2.2. Selection and Characteristics of Rat Diets for the Induction of TG and Cholesterol in Hepatocytes
The production of triglycerides (TG) and total cholesterol (TC) is essential for assessing the effect of theophylline on their release by hepatocytes. Microsomal triglyceride transfer protein (MTP), which facilitates the secretion of VLDL containing TG and TC, shows increased activity in proportion to hepatic TG synthesis [7,10,17,18]. To establish this condition, male Sprague–Dawley rats (200–250 g; Samtako Bio, Osan, Republic of Korea) were fed a high-fat, high-carbohydrate diet (HFCD; Table 1) composed of 65.4% fat and carbohydrate (Sam Yang Oil & Fat Feed Co., Ltd., Seoul, Republic of Korea).
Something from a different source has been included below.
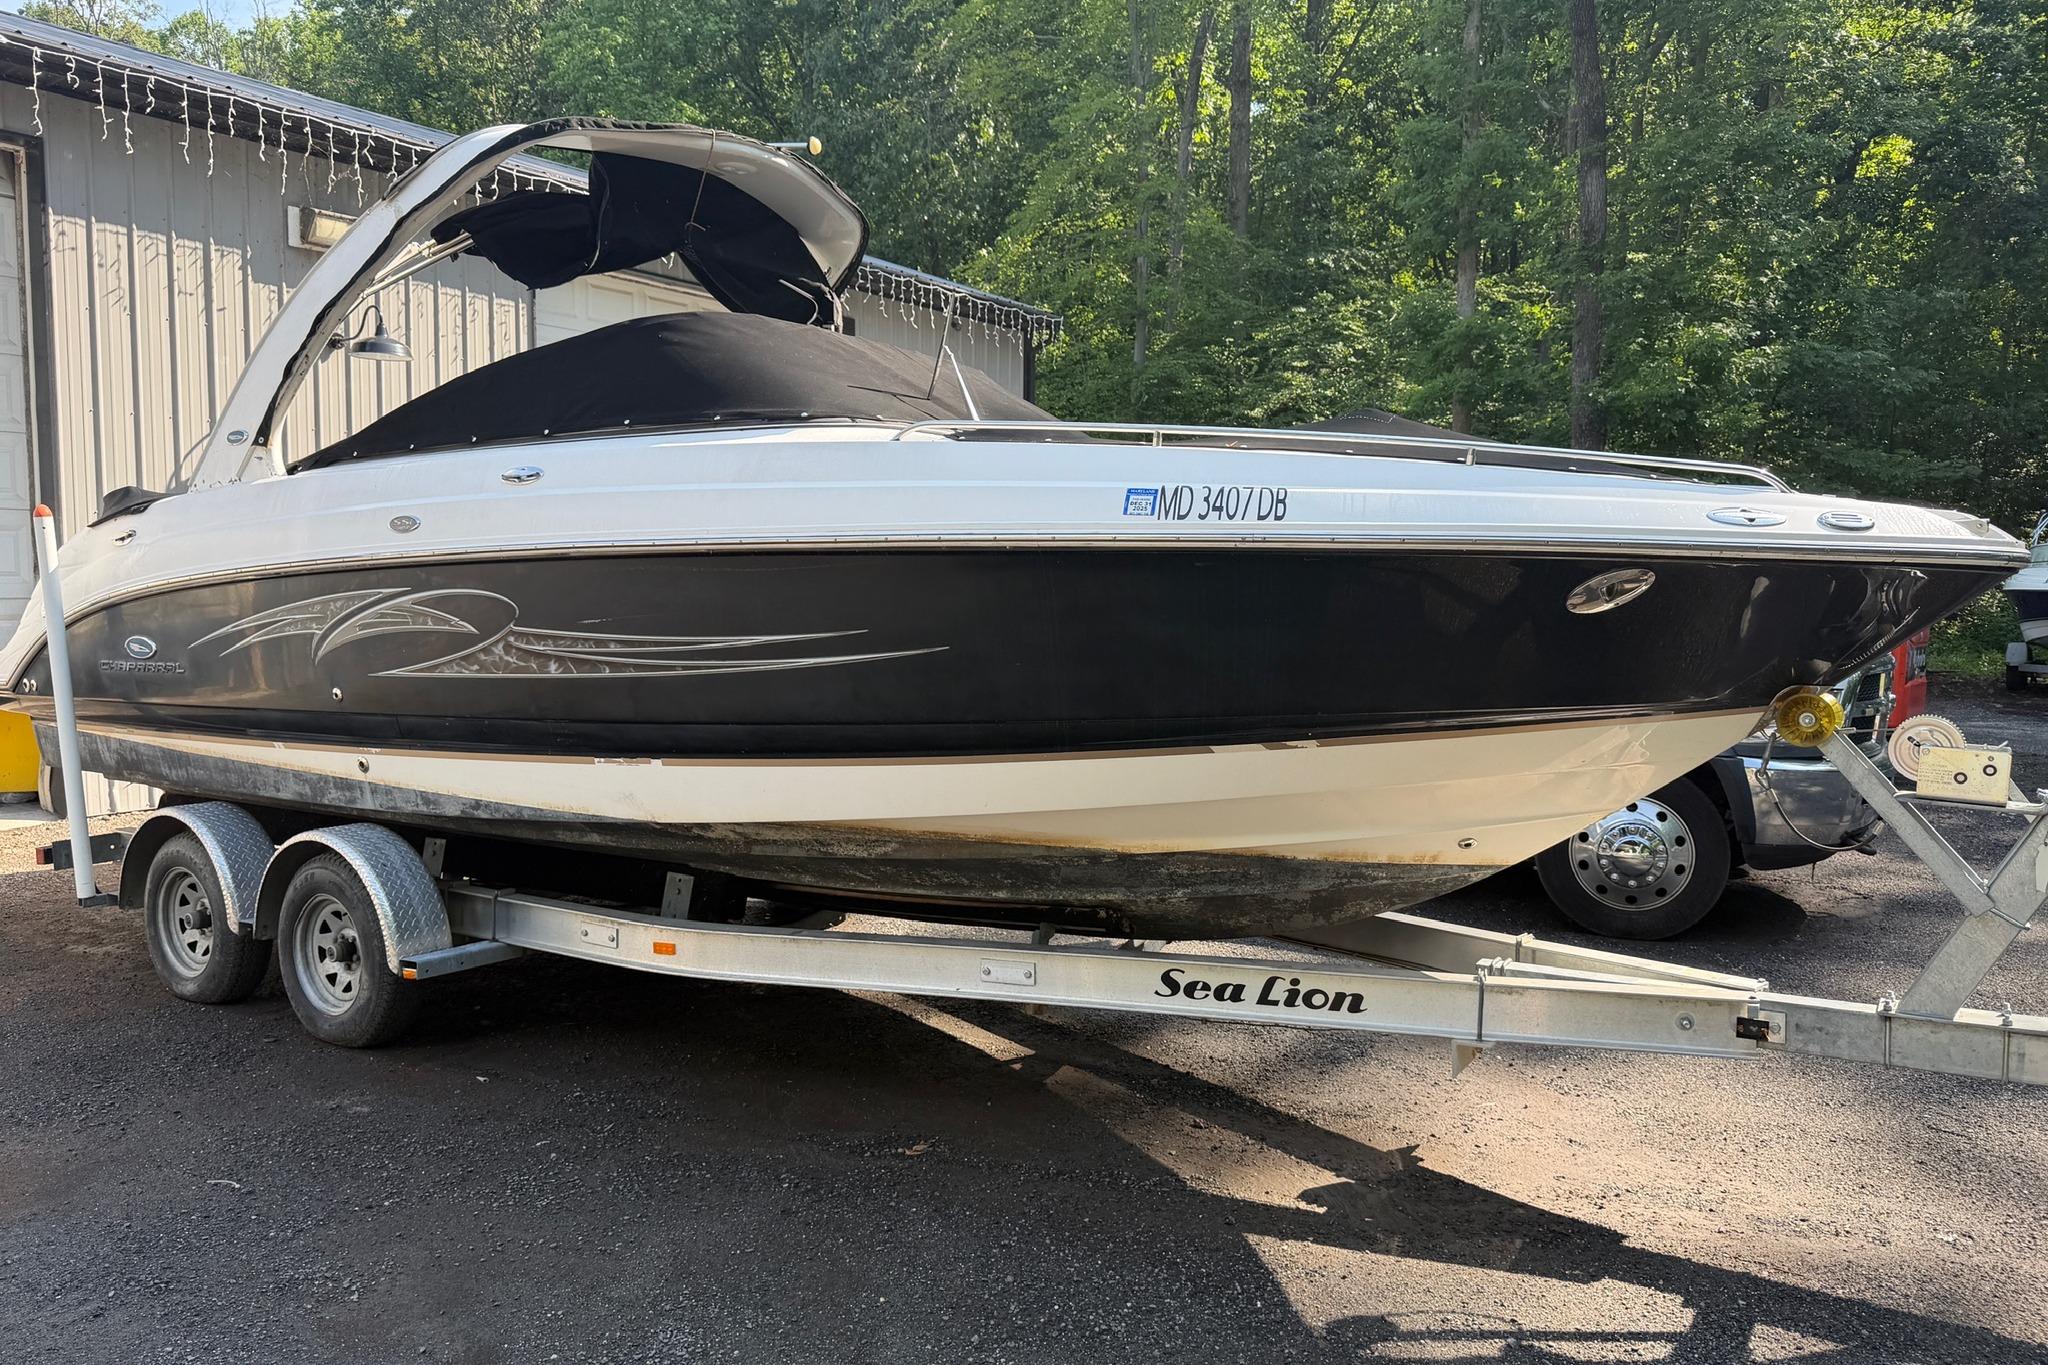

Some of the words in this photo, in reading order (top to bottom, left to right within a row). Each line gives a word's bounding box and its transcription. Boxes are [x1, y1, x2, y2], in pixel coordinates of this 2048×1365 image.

[1157, 485, 1194, 521] MD
[100, 660, 186, 674] CHAPARRAL
[1154, 968, 1247, 1003] Sea
[1255, 976, 1368, 1013] Lion
The HFCD contained soybean oil and lard as fat sources and maltodextrin, cellulose, and sucrose as carbohydrate sources. These nutrients provide precursors for TG and TC synthesis in hepatocytes, thereby inducing obesity, fatty liver, and dyslipidemia, all of which are risk factors for cardiovascular disease (CVD) [10,15,19,20,21,22]. The HFCD (Table 1) was used as a normal control to induce obesity, a risk factor for CVD, in rats [23,24]. In this study, we administered HFCD to rats to increase the production of TG and TC, which are known to contribute to CVD, and investigated the effects of theophylline on lipid profiles. Therefore, the HFCD-administered group served as a control group for theophylline or 10% glucose plus HFCD groups.
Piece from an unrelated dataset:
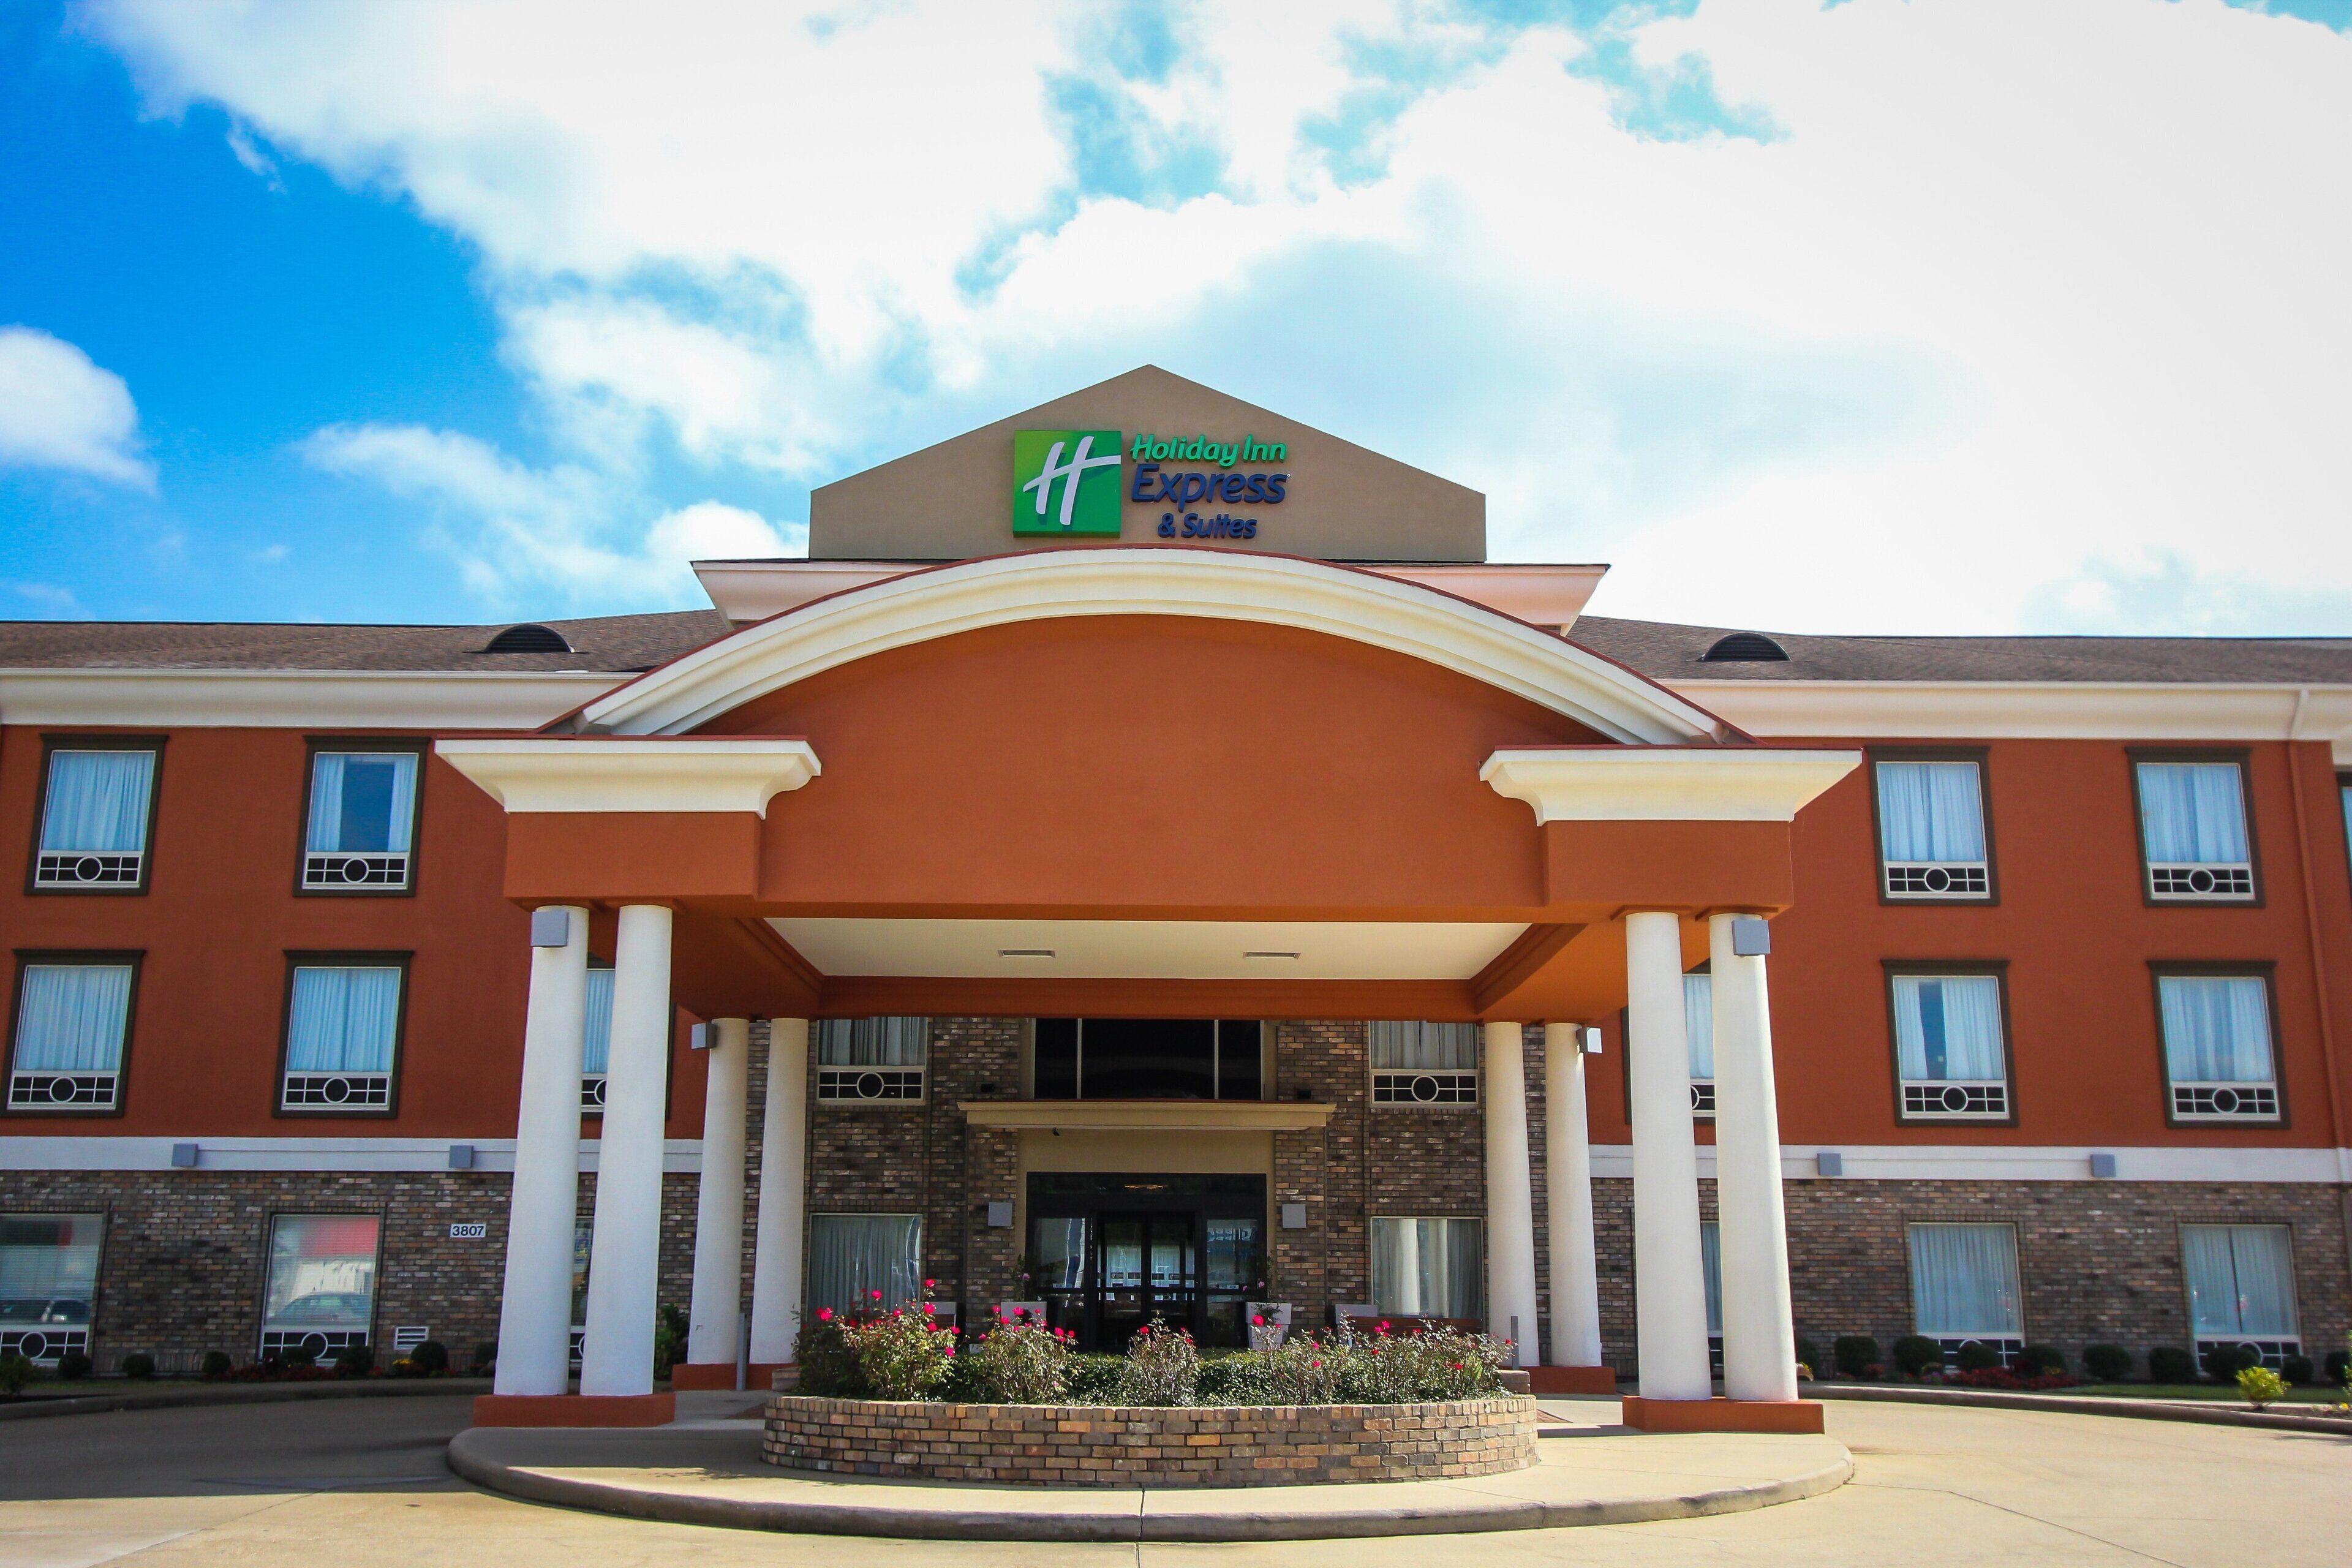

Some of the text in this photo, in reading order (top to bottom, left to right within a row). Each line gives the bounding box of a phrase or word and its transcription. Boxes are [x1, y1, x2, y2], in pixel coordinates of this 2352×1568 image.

To further amplify TG and TC production and thereby MTP activity, 10% glucose was supplemented to the HFCD [10]. Accordingly, hepatocytes isolated from rats fed either HFCD alone or HFCD plus glucose were used to evaluate whether theophylline modulates MTP activity and the secretion of TG and TC.
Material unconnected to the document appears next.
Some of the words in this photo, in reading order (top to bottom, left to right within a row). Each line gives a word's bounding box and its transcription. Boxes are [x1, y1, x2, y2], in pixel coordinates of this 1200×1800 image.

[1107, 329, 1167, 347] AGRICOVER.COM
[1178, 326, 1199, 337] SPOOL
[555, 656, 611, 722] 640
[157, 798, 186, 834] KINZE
2.3. Experimental Design and Animal Administration
As illustrated in Figure 1, male Sprague–Dawley rats (weight: 200–250 g, 6–7 weeks) secured from Samtako Bio (Osan, Republic of Korea) were categorized into two groups. The first group, designated as the HFCD group (n = 5), was provided with HFCD and water ad libitum. The second group, referred to as the HFCD plus 10% glucose group (n = 5), received the HFCD along with 10% glucose ad libitum, with the glucose supplied in place of water. All rats were housed in an environment maintained at a temperature of 24 °C and humidity of 65% under normal light. The duration of rat care spanned 15 days to promote TG synthesis in the liver [25]. To prevent any alterations in TG levels and MTP activity, the rats were not fasted prior to post-mortem analysis [26]. Following the 15-day care period, the rats were anesthetized using 20% urethane before post-mortem procedures. All the animal experiments in this study were conducted in accordance with the Guidelines for Care and Use of Laboratory Animals issued by the Institutional Ethical Animal Care Committee of Kyungpook National University, Korea.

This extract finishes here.